- Texte visé : Projet de loi de finances pour 2026, modifié par le Sénat, n° 2247
- Stade de lecture : Nouvelle lecture
- Examiné par : Commission des finances, de l'économie générale et du contrôle budgétaire
Supprimer cet article.
Les député.es du groupe LFI souhaitent supprimer cet article.
En effet, une accumulation de recettes relatives à la collecte de la TNSA constatée dans certaines trésoreries d’aéroports ne signifie pas mécaniquement que le stock de logements à insonoriser est apuré. De plus, ce surplus peut très bien apparaître comme une opportunité d’une part d’intensifier les campagnes d'information du public, mais également de mieux couvrir les travaux à destination des particuliers en abaissant leur reste à charge.

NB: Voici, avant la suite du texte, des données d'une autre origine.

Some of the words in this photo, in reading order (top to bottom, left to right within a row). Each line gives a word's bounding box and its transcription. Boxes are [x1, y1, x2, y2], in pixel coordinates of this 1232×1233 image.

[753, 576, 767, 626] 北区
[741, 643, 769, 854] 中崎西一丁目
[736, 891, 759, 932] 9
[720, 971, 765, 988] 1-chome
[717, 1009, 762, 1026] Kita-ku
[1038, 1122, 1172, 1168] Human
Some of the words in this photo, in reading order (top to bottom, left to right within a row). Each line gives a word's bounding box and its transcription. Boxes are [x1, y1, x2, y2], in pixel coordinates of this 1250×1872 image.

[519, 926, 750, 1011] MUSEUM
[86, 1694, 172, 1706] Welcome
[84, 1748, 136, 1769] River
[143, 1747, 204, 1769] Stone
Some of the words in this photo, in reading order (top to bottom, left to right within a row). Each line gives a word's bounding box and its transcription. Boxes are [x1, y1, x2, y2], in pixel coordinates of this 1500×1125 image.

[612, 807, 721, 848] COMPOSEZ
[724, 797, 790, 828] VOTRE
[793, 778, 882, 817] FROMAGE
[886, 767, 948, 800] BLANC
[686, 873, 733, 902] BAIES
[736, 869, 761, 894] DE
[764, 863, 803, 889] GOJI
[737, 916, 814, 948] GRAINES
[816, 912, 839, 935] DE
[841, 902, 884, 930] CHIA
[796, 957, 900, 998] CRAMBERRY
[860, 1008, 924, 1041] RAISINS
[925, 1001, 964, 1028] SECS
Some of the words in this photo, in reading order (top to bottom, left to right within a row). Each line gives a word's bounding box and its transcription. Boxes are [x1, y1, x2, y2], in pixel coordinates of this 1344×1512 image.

En l’état, l’existence d’un montant plafonné réglementairement conduit la plupart du temps à l’apparition d’un reste à charge pour les propriétaires, ce qui a pour conséquence de décourager certains d’entre eux qui n’ont pas les moyens de couvrir cette dépense. D’après les données de la DGAC, au moins 43 000 logements restent à insonoriser.
Ainsi, au contraire de la logique d’économies présentée par le gouvernement, les député.es du groupe LFI souhaitent que ce « surplus » de taxe sur les nuisances sonores aéroportuaires soit également utilisé pour l’insonorisation des logements restants.